Problem = The reply should contain every entry below exactly as written, with no images.

=== Data for this exercise ===

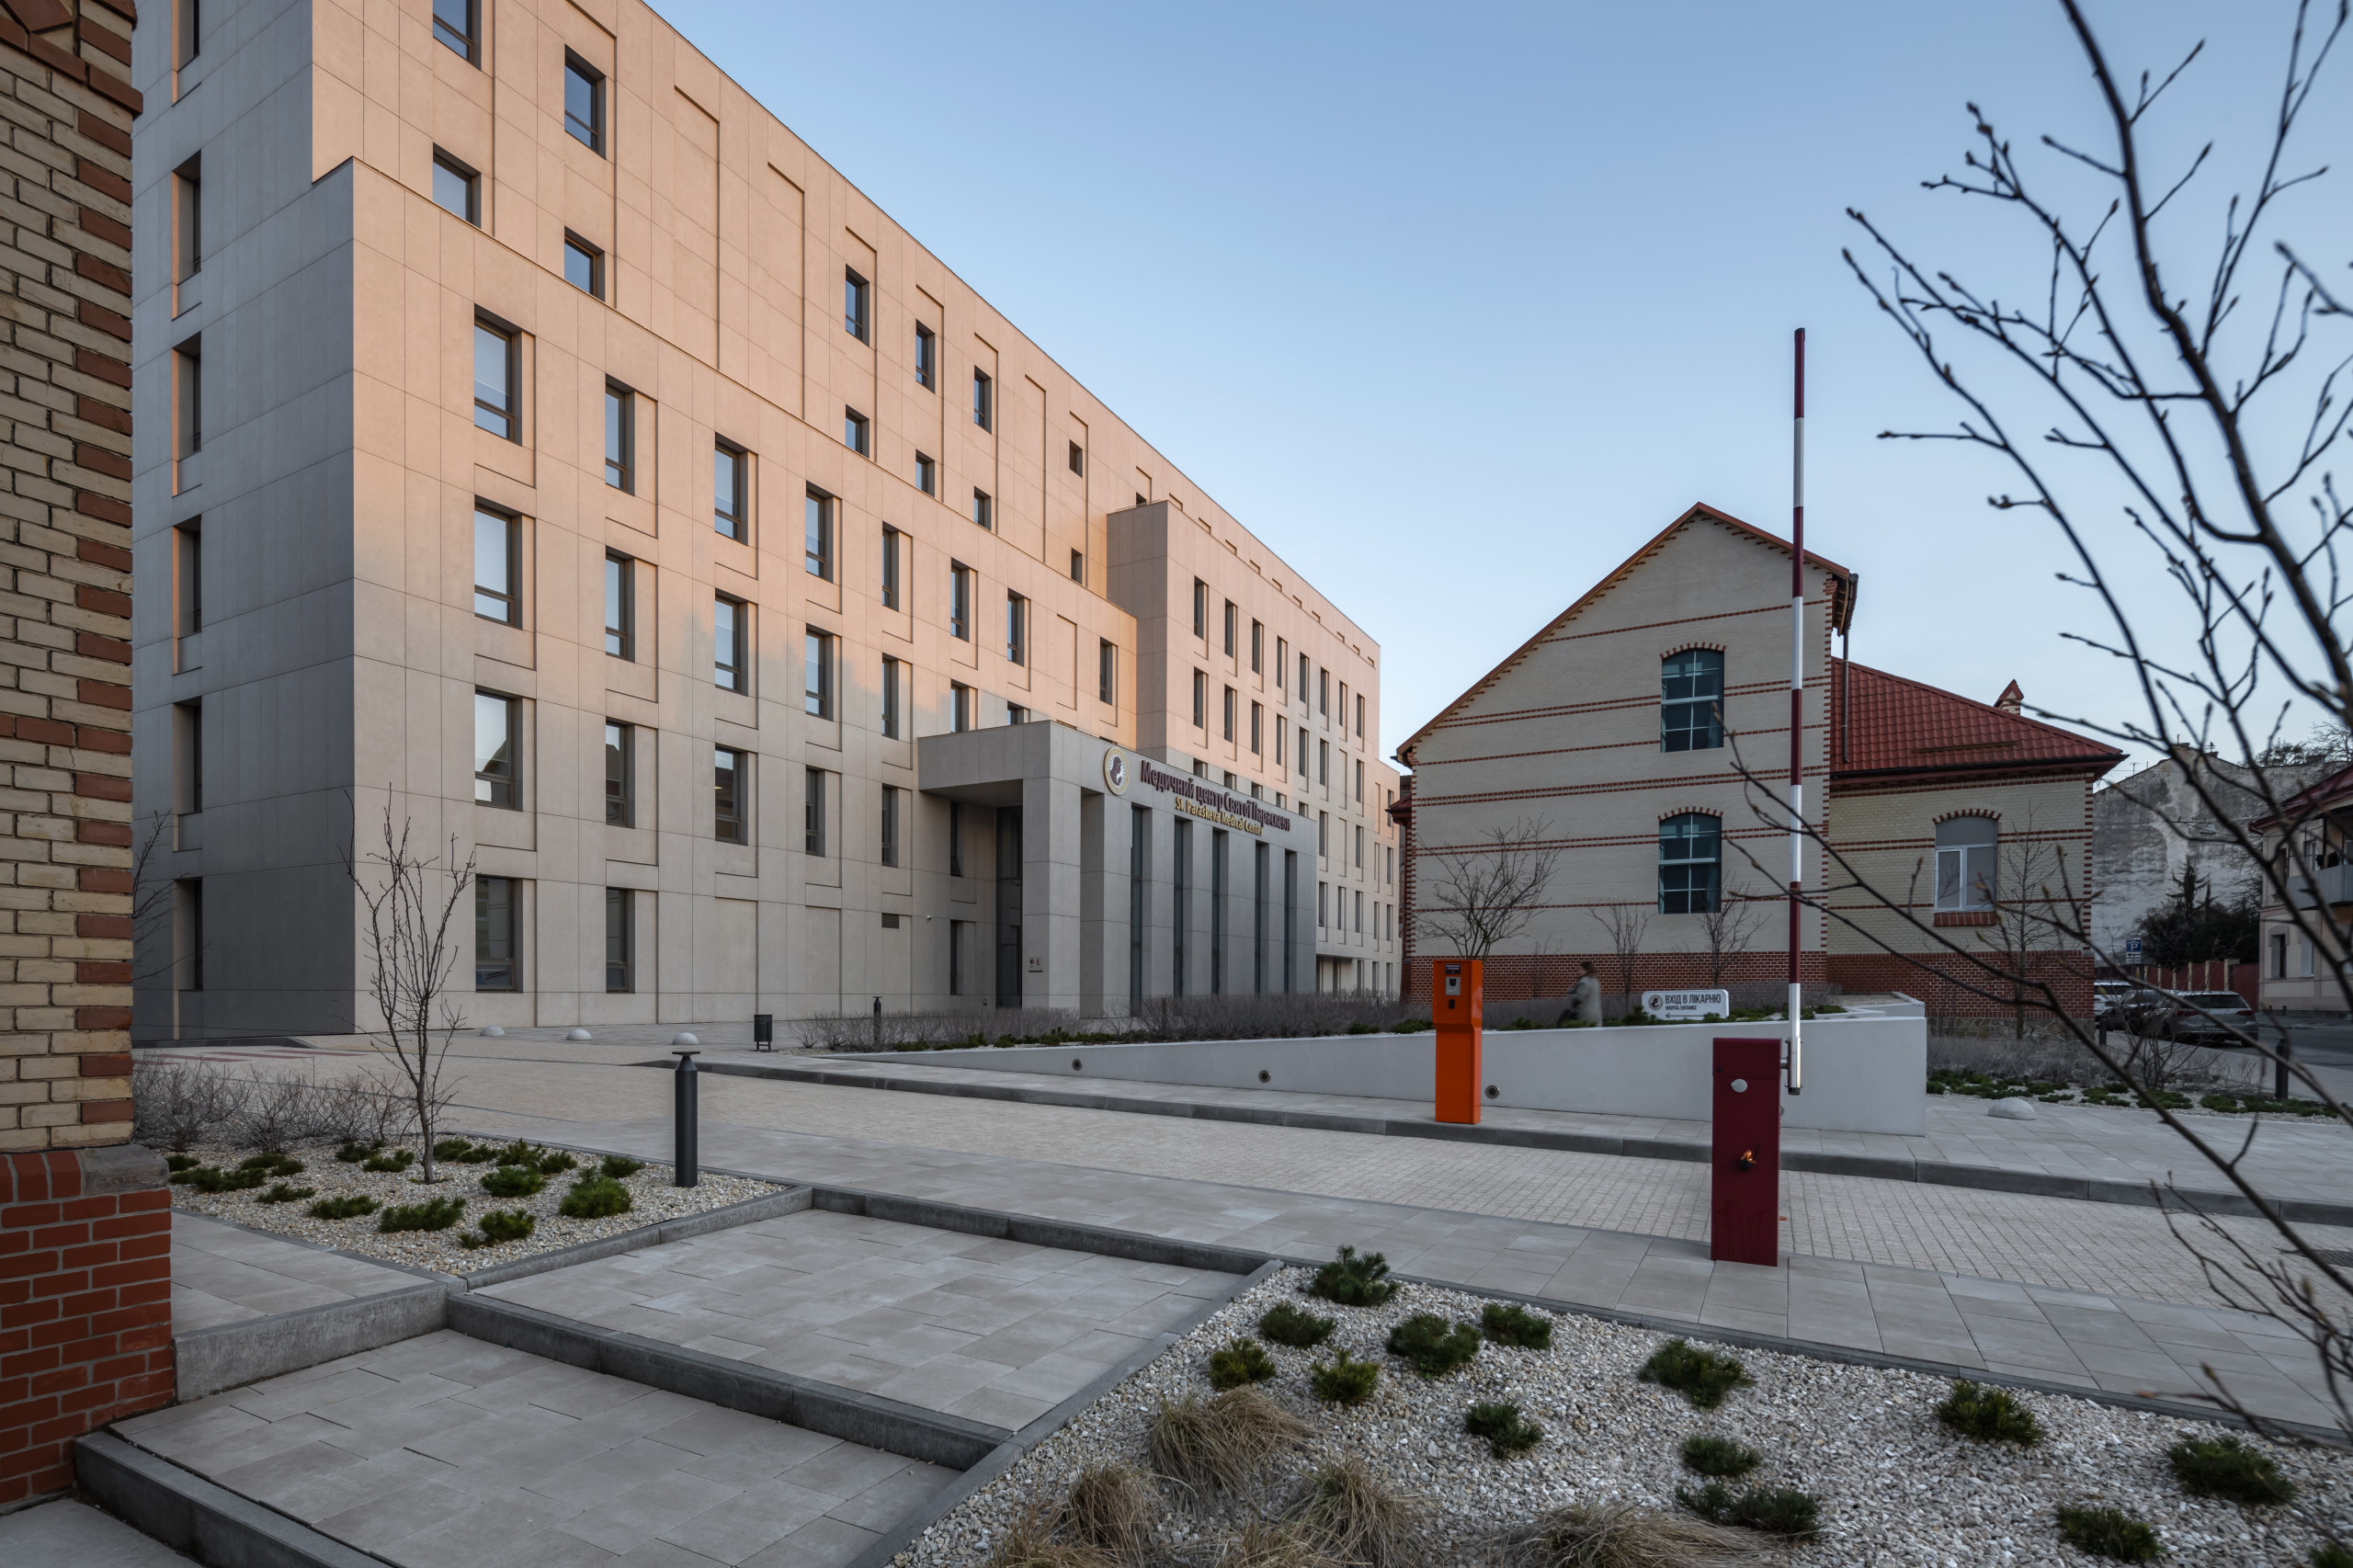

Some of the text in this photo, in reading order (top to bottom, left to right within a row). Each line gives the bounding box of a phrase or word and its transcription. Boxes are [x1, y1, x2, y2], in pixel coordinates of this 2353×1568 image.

[1141, 760, 1194, 799] Медичний
[1196, 786, 1222, 812] центр
[1223, 791, 1251, 819] Святої
[1251, 801, 1290, 832] Параскеви
[1175, 796, 1264, 837] St. Paraskeva Medical Center
[1665, 994, 1722, 1005] ВХІД В ЛІКАРНЮ

===

Solution to this exercise =
Some of the text in this photo, in reading order (top to bottom, left to right within a row). Each line gives the bounding box of a phrase or word and its transcription. Boxes are [x1, y1, x2, y2], in pixel coordinates of this 2353×1568 image.

[1141, 760, 1194, 799] Медичний
[1196, 786, 1222, 812] центр
[1223, 791, 1251, 819] Святої
[1251, 801, 1290, 832] Параскеви
[1175, 796, 1264, 837] St. Paraskeva Medical Center
[1665, 994, 1722, 1005] ВХІД В ЛІКАРНЮ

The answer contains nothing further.